[Text-to-region grounding data]
———

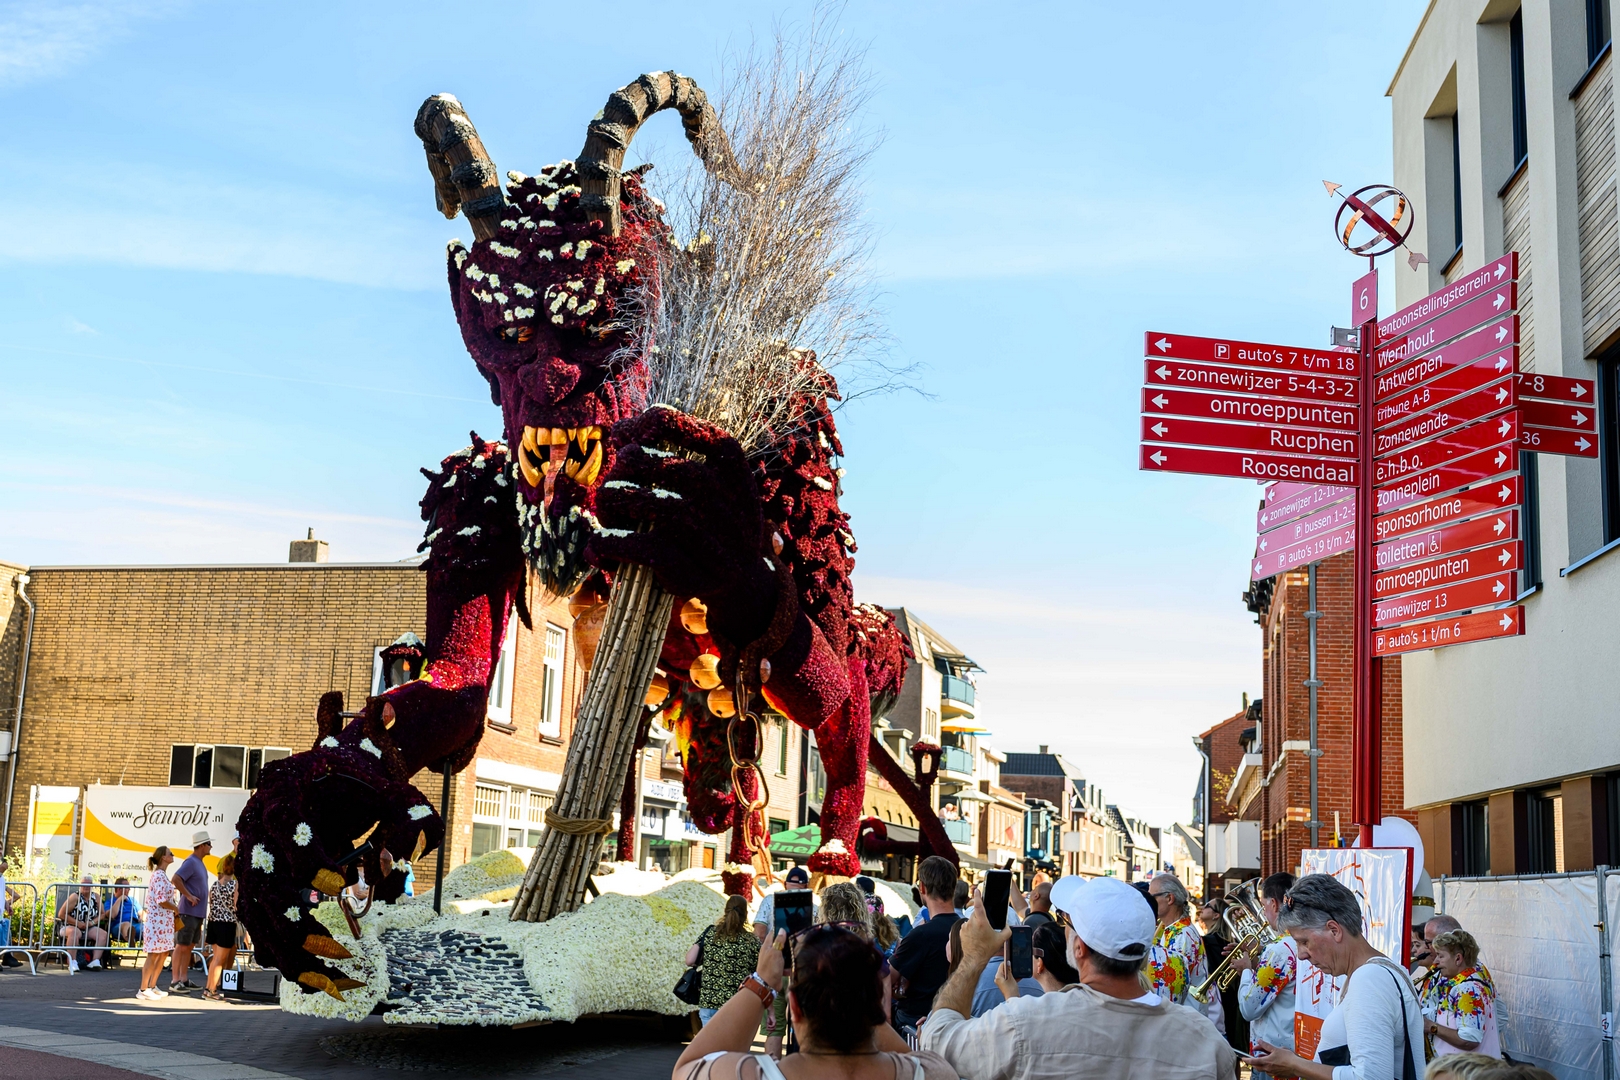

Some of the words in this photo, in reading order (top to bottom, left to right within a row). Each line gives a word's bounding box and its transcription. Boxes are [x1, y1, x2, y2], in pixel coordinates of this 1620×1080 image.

[1360, 288, 1368, 310] 6
[1378, 272, 1491, 338] tentoonstellingsterrein
[1238, 348, 1283, 364] auto's
[1290, 352, 1298, 364] 7
[1303, 354, 1330, 368] t/m
[1337, 358, 1354, 371] 18
[1378, 328, 1435, 368] Wernhout
[1177, 368, 1282, 390] zonnewijzer
[1288, 377, 1354, 397] 5-4-3-2
[1378, 354, 1443, 394] Antwerpen
[1210, 398, 1354, 424] omroeppunten
[1377, 400, 1410, 422] tribune
[1412, 388, 1430, 408] A-B
[1270, 430, 1354, 452] Rucphen
[1378, 412, 1448, 451] Zonnewende
[1522, 432, 1540, 446] 36
[1242, 458, 1354, 482] Roosendaal
[1376, 455, 1423, 481] e.h.b.o.
[1270, 496, 1312, 520] zonnewijzer
[1314, 486, 1348, 503] 12-11-
[1376, 473, 1440, 508] zonneplein
[1304, 515, 1331, 533] bussen
[1376, 499, 1461, 538] sponsorhome
[1288, 545, 1311, 562] auto's
[1314, 540, 1324, 554] 19
[1326, 536, 1342, 551] t/m
[1345, 529, 1355, 544] 24
[1376, 541, 1425, 566] toiletten
[1376, 558, 1469, 592] omroeppunten
[1376, 597, 1431, 621] Zonnewijzer
[1435, 594, 1447, 609] 13
[1389, 630, 1418, 648] auto's
[1431, 626, 1450, 642] t/m
[1454, 623, 1461, 637] 6
[224, 973, 236, 983] 04

———

**Work required**
Return every record exactly, without the pictures.

**Output for this exercise**
Some of the words in this photo, in reading order (top to bottom, left to right within a row). Each line gives a word's bounding box and its transcription. Boxes are [x1, y1, x2, y2], in pixel coordinates of this 1620×1080 image.

[1360, 288, 1368, 310] 6
[1378, 272, 1491, 338] tentoonstellingsterrein
[1238, 348, 1283, 364] auto's
[1290, 352, 1298, 364] 7
[1303, 354, 1330, 368] t/m
[1337, 358, 1354, 371] 18
[1378, 328, 1435, 368] Wernhout
[1177, 368, 1282, 390] zonnewijzer
[1288, 377, 1354, 397] 5-4-3-2
[1378, 354, 1443, 394] Antwerpen
[1210, 398, 1354, 424] omroeppunten
[1377, 400, 1410, 422] tribune
[1412, 388, 1430, 408] A-B
[1270, 430, 1354, 452] Rucphen
[1378, 412, 1448, 451] Zonnewende
[1522, 432, 1540, 446] 36
[1242, 458, 1354, 482] Roosendaal
[1376, 455, 1423, 481] e.h.b.o.
[1270, 496, 1312, 520] zonnewijzer
[1314, 486, 1348, 503] 12-11-
[1376, 473, 1440, 508] zonneplein
[1304, 515, 1331, 533] bussen
[1376, 499, 1461, 538] sponsorhome
[1288, 545, 1311, 562] auto's
[1314, 540, 1324, 554] 19
[1326, 536, 1342, 551] t/m
[1345, 529, 1355, 544] 24
[1376, 541, 1425, 566] toiletten
[1376, 558, 1469, 592] omroeppunten
[1376, 597, 1431, 621] Zonnewijzer
[1435, 594, 1447, 609] 13
[1389, 630, 1418, 648] auto's
[1431, 626, 1450, 642] t/m
[1454, 623, 1461, 637] 6
[224, 973, 236, 983] 04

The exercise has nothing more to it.